A recent article published in BMJ Oncology, claimed that;
“Global incidence of early-onset (< 50 years of age) cancer increased by 79.1% and the number of early-onset cancer deaths increased by 27.7% between 1990 and 2019”
this would be worrying if it were true, thankfully, it’s not. Inevitably, this received a fair bit of attention from the press and other academics who obligingly relayed the message.
The age-standardised rates - the ones that matter - are quite different (see figure).
The claim could have been
“Global age standardised incidence of early-onset cancer has increased a little (~6% over 30 years) whereas age-standardised early-onset cancer deaths have decreased by 25%.”
But that is less of a headline - even though the data for mortality are really positive. Why are the two sets of figures so different?

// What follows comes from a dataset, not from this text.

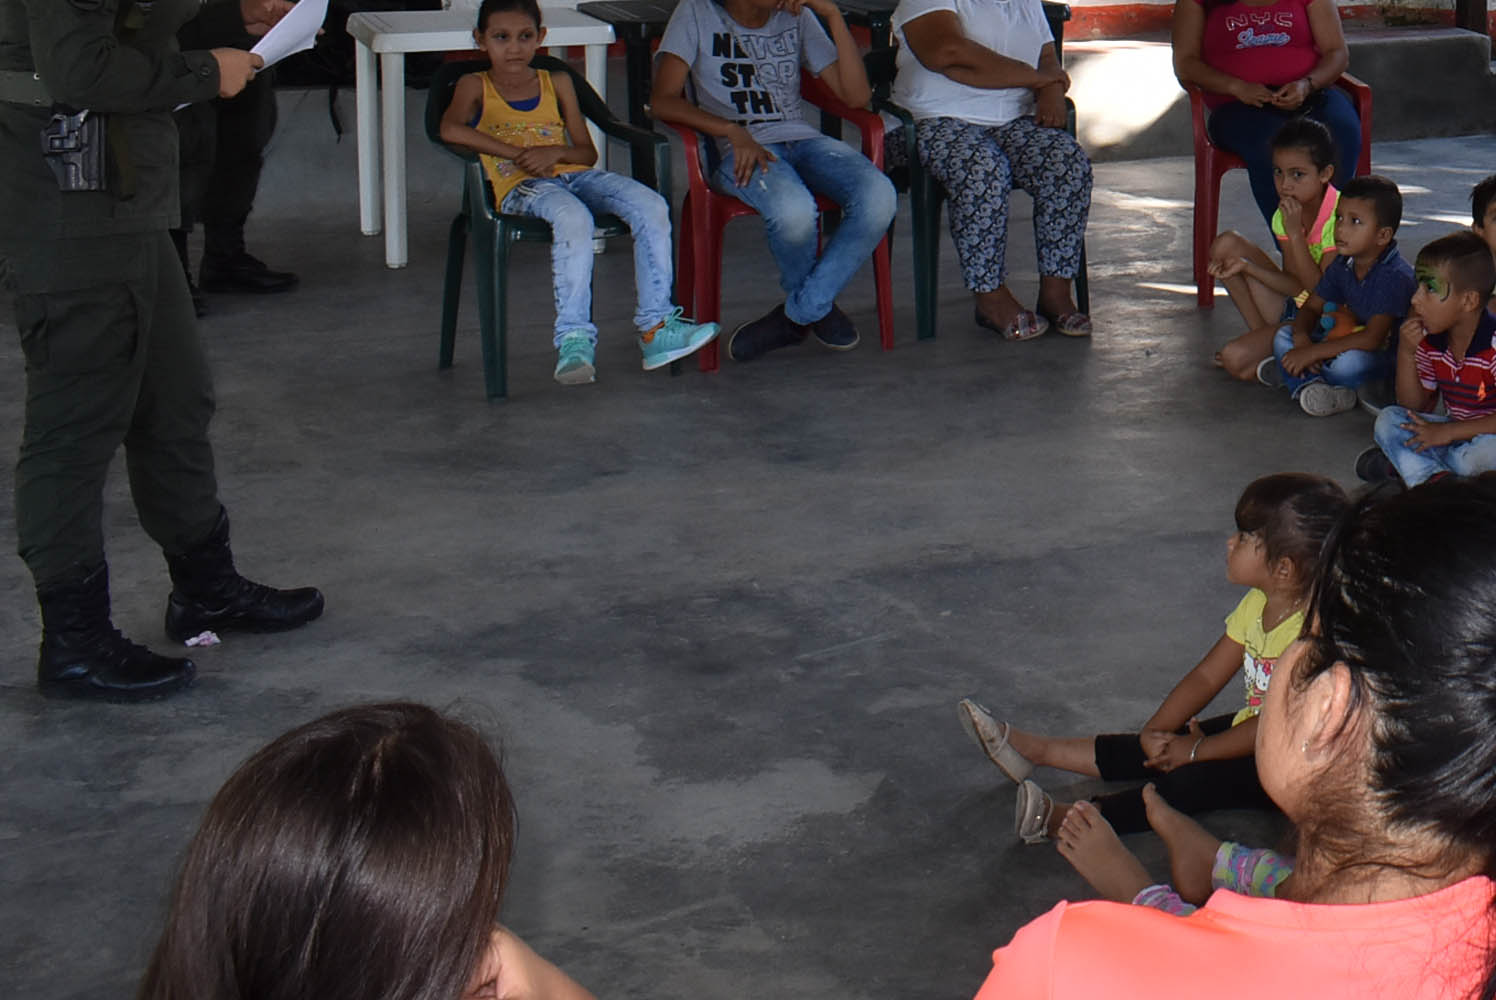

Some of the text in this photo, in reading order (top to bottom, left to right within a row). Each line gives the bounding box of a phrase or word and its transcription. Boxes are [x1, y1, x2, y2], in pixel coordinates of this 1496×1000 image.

The authors of the paper compared the number of early-onset cancers in 1990 (1.82 million) with the number of early-onset cancers in 2019 (3.26 million). This is an increase of 79.1% but their calculation omits something important - context - and a denominator. For the purposes of comparison we must relate the number of new cases or deaths to the number in the population in which they occur - this is really basic stuff! So to make a fair comparison we divide cases by the number in the population.
We call this kind of operation in statistics standardising - putting things on a common scale for the purpose of comparison. But just dividing by the number in the population isn’t rarely good enough. We also need to take into account age.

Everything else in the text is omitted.